After appellant newspaper had refused to print appellee's replies to editorials critical of appellee's candidacy for state office, appellee brought suit in Florida Circuit Court seeking injunctive and declaratory relief and damages, based on Florida's "right of reply" statute that grants a political candidate a right to equal space to answer criticism and attacks on his record by a newspaper, and making it a misdemeanor for the newspaper to fail to comply. The Circuit Court held the statute unconstitutional as infringing on the freedom of the press, and dismissed the action. The Florida Supreme Court reversed, holding that the statute did not violate constitutional guarantees, and that civil remedies, including damages, were available, and remanded to the trial court for further proceedings.


1. The Florida Supreme Court's judgment is "final" under 28 U.S.C. § 1257, and thus is ripe for review by this Court. North Dakota Pharmacy Bd. v. Snyder's Stores, 414 U. S. 156. Pp. 418 U. S. 246-247.

2. The statute violates the First Amendment's guarantee of a free press.
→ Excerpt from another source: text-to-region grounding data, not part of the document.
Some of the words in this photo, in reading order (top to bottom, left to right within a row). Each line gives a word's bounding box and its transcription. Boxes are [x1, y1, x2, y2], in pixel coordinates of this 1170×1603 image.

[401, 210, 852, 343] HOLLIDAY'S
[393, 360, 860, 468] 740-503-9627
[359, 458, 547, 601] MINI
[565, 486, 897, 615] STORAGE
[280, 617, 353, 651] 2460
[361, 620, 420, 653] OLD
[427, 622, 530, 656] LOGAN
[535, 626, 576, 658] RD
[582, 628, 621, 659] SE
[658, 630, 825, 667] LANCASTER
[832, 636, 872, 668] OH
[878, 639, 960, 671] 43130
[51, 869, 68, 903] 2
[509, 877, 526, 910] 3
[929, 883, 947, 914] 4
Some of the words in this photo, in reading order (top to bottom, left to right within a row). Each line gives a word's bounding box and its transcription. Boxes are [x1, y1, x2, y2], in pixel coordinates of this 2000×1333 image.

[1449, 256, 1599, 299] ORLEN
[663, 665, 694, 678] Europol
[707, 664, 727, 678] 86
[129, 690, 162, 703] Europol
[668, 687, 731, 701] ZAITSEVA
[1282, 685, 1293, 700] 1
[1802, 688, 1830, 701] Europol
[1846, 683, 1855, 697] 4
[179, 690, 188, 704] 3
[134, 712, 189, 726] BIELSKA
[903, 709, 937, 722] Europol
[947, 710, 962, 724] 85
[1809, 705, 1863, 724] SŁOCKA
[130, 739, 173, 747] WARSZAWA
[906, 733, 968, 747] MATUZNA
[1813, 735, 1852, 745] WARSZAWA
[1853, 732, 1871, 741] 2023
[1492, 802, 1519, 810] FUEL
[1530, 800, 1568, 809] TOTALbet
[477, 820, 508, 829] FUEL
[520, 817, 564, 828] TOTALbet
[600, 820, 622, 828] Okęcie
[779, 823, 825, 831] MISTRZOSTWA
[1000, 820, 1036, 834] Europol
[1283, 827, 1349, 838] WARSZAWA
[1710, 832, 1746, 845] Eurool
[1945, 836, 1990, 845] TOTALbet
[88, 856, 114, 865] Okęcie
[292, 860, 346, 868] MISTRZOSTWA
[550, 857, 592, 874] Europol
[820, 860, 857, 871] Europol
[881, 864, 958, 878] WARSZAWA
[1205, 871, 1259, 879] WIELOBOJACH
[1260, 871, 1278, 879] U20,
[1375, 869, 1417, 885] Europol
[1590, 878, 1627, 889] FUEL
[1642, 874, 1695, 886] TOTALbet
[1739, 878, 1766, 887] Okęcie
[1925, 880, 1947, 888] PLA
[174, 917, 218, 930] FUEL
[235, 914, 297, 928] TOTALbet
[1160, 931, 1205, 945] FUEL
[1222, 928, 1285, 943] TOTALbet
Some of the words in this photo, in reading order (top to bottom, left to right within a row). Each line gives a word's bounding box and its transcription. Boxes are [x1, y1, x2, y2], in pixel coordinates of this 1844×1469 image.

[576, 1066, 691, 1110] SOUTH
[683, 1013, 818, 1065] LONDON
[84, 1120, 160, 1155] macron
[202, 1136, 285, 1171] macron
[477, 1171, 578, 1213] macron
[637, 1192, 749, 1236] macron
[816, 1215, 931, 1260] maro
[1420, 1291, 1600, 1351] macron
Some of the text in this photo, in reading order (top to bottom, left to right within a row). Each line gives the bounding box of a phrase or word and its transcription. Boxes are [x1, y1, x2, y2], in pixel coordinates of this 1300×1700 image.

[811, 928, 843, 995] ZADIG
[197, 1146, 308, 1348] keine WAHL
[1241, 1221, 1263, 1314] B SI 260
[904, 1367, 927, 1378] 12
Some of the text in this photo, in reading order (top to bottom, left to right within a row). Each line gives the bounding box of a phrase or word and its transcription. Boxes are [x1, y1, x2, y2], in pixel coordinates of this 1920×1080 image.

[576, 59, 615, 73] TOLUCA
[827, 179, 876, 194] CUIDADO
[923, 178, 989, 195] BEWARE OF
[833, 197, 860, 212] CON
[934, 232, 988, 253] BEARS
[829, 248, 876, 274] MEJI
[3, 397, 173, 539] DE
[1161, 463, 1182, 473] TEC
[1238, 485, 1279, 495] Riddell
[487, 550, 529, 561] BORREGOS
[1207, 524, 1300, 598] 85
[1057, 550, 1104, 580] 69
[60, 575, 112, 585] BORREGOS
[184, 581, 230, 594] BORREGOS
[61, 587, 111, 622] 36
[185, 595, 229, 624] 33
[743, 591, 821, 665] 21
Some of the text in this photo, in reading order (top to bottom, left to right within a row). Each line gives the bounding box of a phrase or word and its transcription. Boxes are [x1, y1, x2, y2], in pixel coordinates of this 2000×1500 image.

Pp. 418 U. S. 247-258.

(a) Governmental compulsion on a newspaper to publish that which "reason" tells it should not be published is unconstitutional. P. 418 U. S. 256.

(b) The statute operates as a command by a State in the same sense as a statute or regulation forbidding appellant to publish specified matter. P. 418 U. S. 256.

(c) The statute exacts a penalty on the basis of the content of a newspaper by imposing additional printing, composing, and materials costs and by taking up space that could be devoted to other material the newspaper may have preferred to print. Pp. 418 U. S. 256-257

(d) Even if a newspaper would face no additional costs to comply with the statute and would not be forced to forgo publication of news or opinion by the inclusion of a reply, the statute still fails to clear the First Amendment's barriers because of its

Page 418 U. S. 242

intrusion into the function of editors in choosing what material goes into a newspaper and in deciding on the size and content of the paper and the treatment of public issues and officials. P. 418 U. S. 258.

287 So.2d 78, reversed.

BURGER, C.J., delivered the opinion for a unanimous Court. BRENNAN, J., filed a concurring statement, in which REHNQUIST, J., joined, post, p. 418 U. S. 258. WHITE, J., filed a concurring opinion, post, p. 418 U. S. 259.

Page 418 U. S. 243

Primary Holding
Newspapers are not required to publish replies to an editorial with which people, such as the subject of the editorial, may disagree.
Tornillo was a candidate for the Florida House of Representatives. The Miami Herald criticized his candidacy in editorials, and he sought to have it print his verbatim replies to the criticism under a state right of reply statute. It provided political candidates the right to reply to hostile coverage in a newspaper. When the Miami Herald refused, Tornillo sought declaratory relief and an injunction. The state courts disagreed on whether the right of reply statute was constitutional under the First Amendment.



  • Warren Earl Burger (Author)
  • William Orville Douglas
  • William Joseph Brennan, Jr.
  • Potter Stewart
  • Byron Raymond White
  • Thurgood Marshall
  • Harry Andrew Blackmun
  • Lewis Franklin Powell, Jr.
  • William Hubbs Rehnquist

This law is a content-based restriction on a newspaper, so it is a facial violation of the First Amendment. Newspaper editors have the right to control the contents of their publications, and the government is not in a position to override their decisions while protecting free speech.


  • William Joseph Brennan, Jr. (Author)
  • William Hubbs Rehnquist


  • White (Author)

Case Commentary

Although a politician is entitled to some limited degree of protection against libel and slander, the press has broad powers under the First Amendment to cover topics of public interest.